- [PROBLEM DESCRIPTION]
An image-free, verbatim transcription of the records is the expected result.

- [SOURCE MATERIAL]
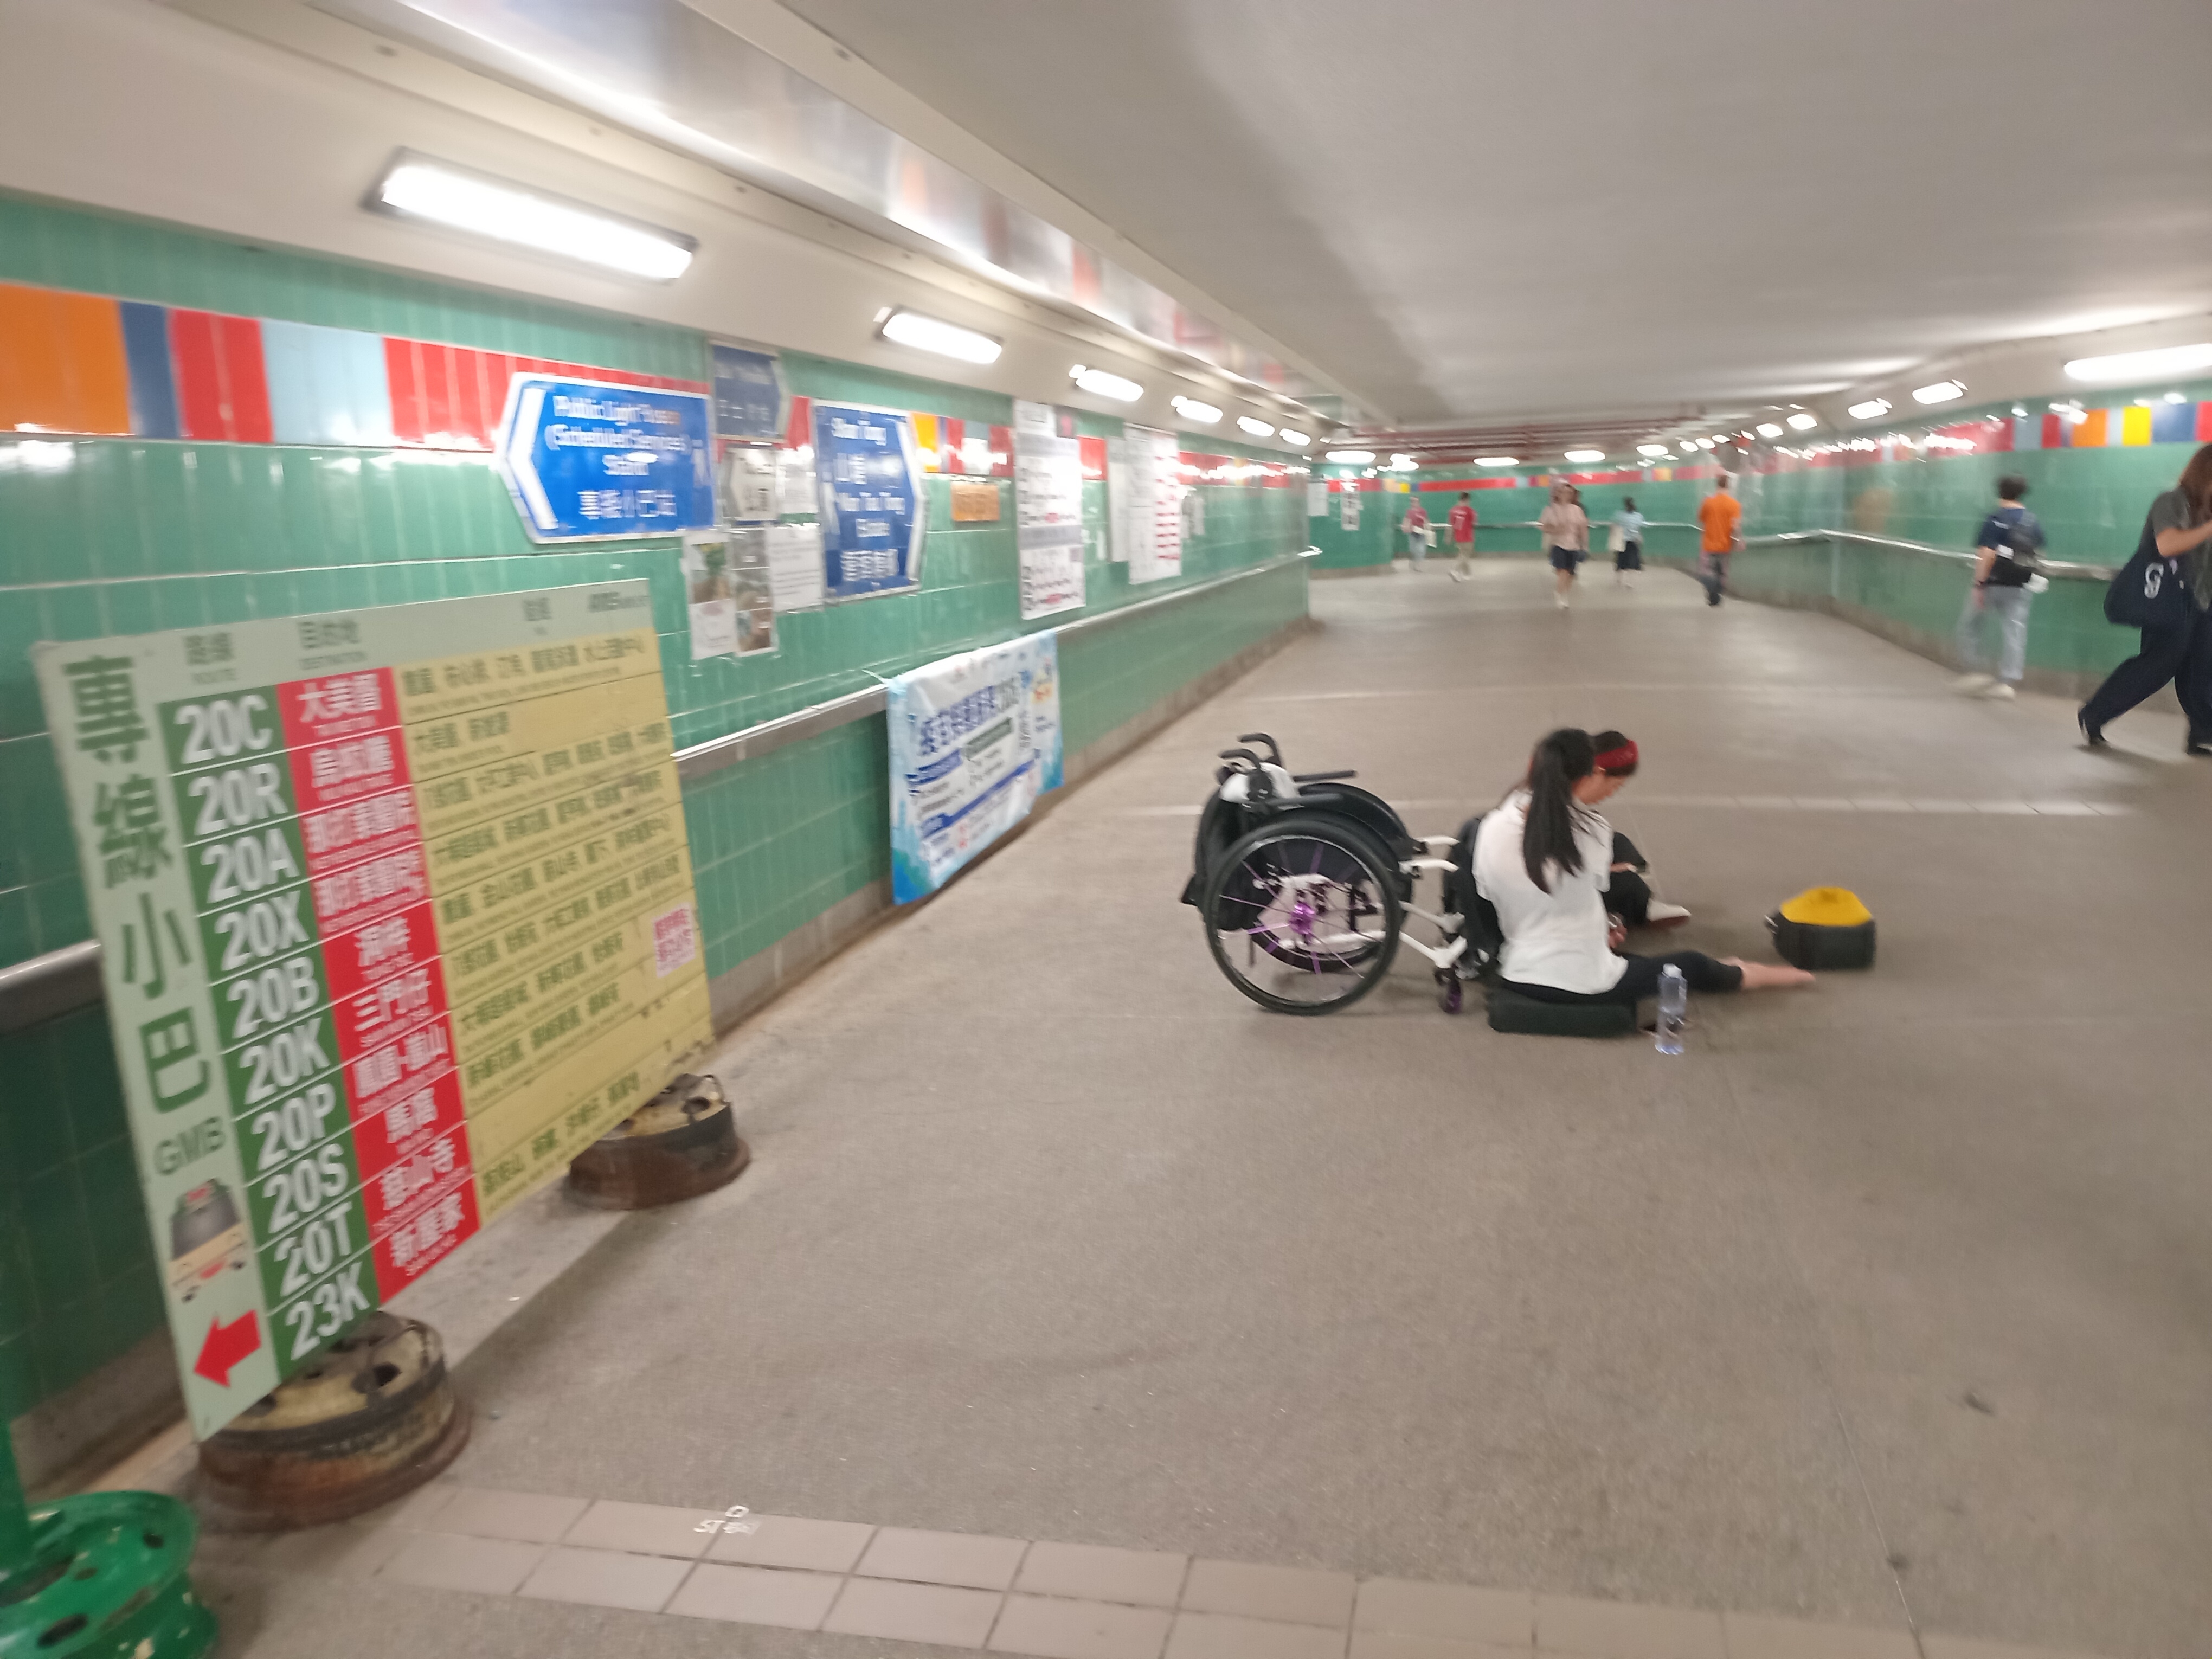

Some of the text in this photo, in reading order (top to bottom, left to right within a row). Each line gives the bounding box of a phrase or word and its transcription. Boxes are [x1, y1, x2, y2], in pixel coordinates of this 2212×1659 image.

[173, 695, 273, 764] 20C
[188, 763, 287, 835] 20R
[62, 655, 211, 1114] 專線小巴
[199, 828, 300, 904] 20A
[214, 890, 309, 971] 20X
[227, 956, 320, 1039] 20B
[350, 964, 434, 1038] 三門仔
[240, 1017, 330, 1105] 20K
[152, 1115, 226, 1176] GMB
[251, 1082, 336, 1173] 20P
[262, 1143, 348, 1234] 20S
[273, 1201, 352, 1297] 20T
[286, 1262, 370, 1361] 23K

- [WRITTEN RESPONSE]
Some of the text in this photo, in reading order (top to bottom, left to right within a row). Each line gives the bounding box of a phrase or word and its transcription. Boxes are [x1, y1, x2, y2], in pixel coordinates of this 2212×1659 image.

[173, 695, 273, 764] 20C
[188, 763, 287, 835] 20R
[62, 655, 211, 1114] 專線小巴
[199, 828, 300, 904] 20A
[214, 890, 309, 971] 20X
[227, 956, 320, 1039] 20B
[350, 964, 434, 1038] 三門仔
[240, 1017, 330, 1105] 20K
[152, 1115, 226, 1176] GMB
[251, 1082, 336, 1173] 20P
[262, 1143, 348, 1234] 20S
[273, 1201, 352, 1297] 20T
[286, 1262, 370, 1361] 23K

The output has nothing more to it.